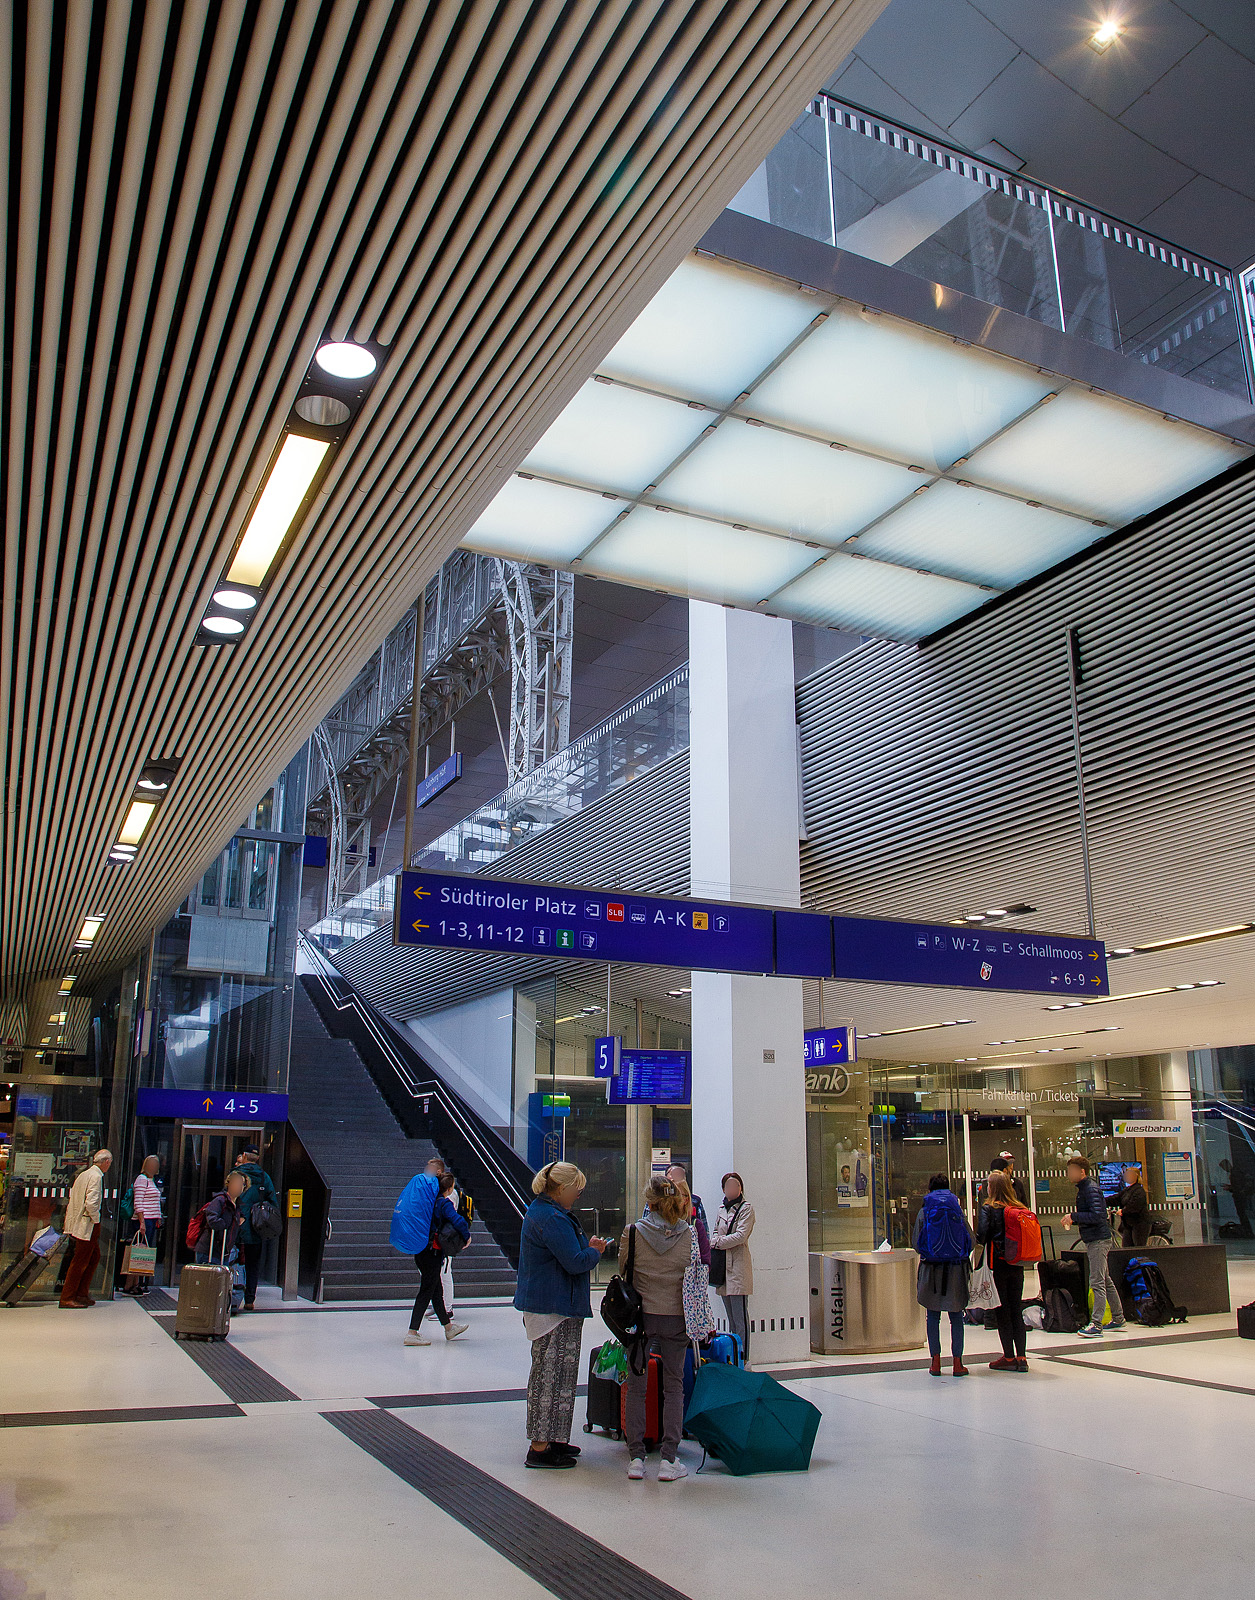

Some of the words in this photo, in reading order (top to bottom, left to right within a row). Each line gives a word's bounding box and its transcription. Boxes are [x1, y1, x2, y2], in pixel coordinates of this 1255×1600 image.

[440, 887, 529, 911] Südtiroler
[535, 897, 577, 916] Platz
[608, 908, 623, 917] SLB
[951, 937, 980, 952] W-Z
[1018, 942, 1084, 960] Schallmoos
[599, 1044, 608, 1070] 5
[805, 1068, 843, 1090] ank
[982, 1087, 1037, 1101] Fahrkarten
[1044, 1089, 1079, 1102] Tickets
[1125, 1125, 1181, 1133] westbahn.at
[830, 1288, 844, 1340] Abfall

——————

Instructions for the task: Before printing the records again, strip out the pictures; change nothing else.

Result for this exercise:
Some of the words in this photo, in reading order (top to bottom, left to right within a row). Each line gives a word's bounding box and its transcription. Boxes are [x1, y1, x2, y2], in pixel coordinates of this 1255×1600 image.

[440, 887, 529, 911] Südtiroler
[535, 897, 577, 916] Platz
[608, 908, 623, 917] SLB
[951, 937, 980, 952] W-Z
[1018, 942, 1084, 960] Schallmoos
[599, 1044, 608, 1070] 5
[805, 1068, 843, 1090] ank
[982, 1087, 1037, 1101] Fahrkarten
[1044, 1089, 1079, 1102] Tickets
[1125, 1125, 1181, 1133] westbahn.at
[830, 1288, 844, 1340] Abfall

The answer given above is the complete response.